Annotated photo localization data
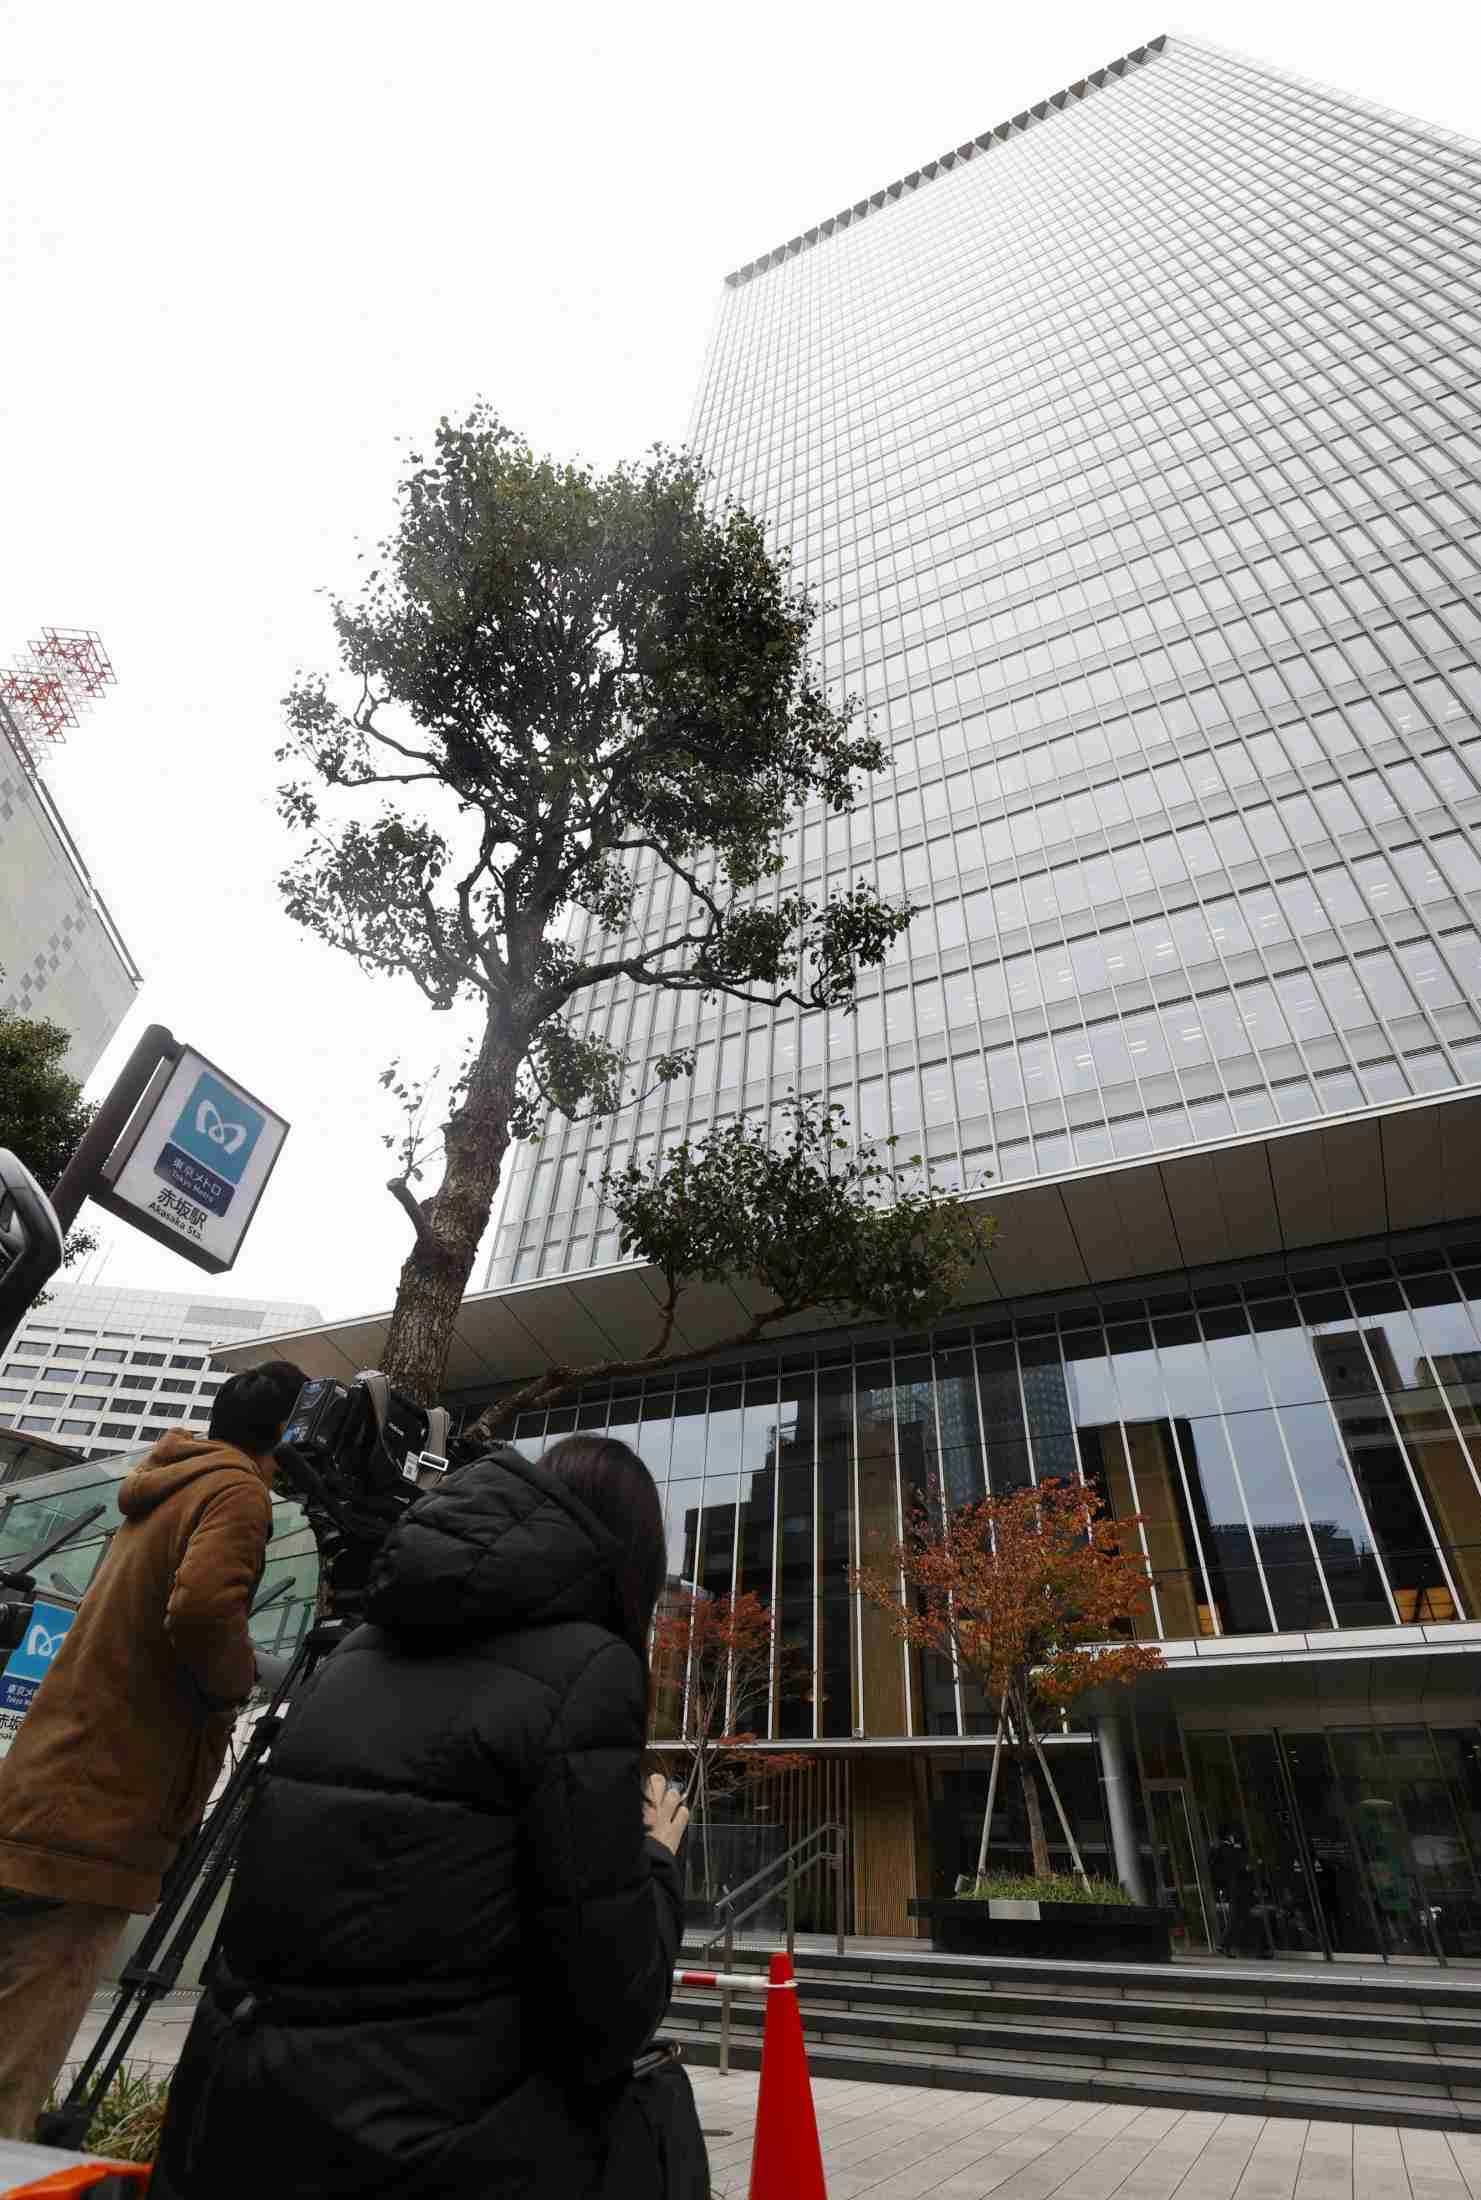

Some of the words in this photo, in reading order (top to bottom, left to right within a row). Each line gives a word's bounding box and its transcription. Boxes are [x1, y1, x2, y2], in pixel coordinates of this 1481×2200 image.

[172, 1158, 222, 1196] 東京メトロ
[148, 1202, 186, 1230] Akasaka
[157, 1187, 208, 1229] 赤坂駅
[8, 1684, 33, 1697] 東京メ

» Work item
The copy you produce must hold all the records above exactly and none of their pictures.

» Exercise result
Some of the words in this photo, in reading order (top to bottom, left to right within a row). Each line gives a word's bounding box and its transcription. Boxes are [x1, y1, x2, y2], in pixel coordinates of this 1481×2200 image.

[172, 1158, 222, 1196] 東京メトロ
[148, 1202, 186, 1230] Akasaka
[157, 1187, 208, 1229] 赤坂駅
[8, 1684, 33, 1697] 東京メ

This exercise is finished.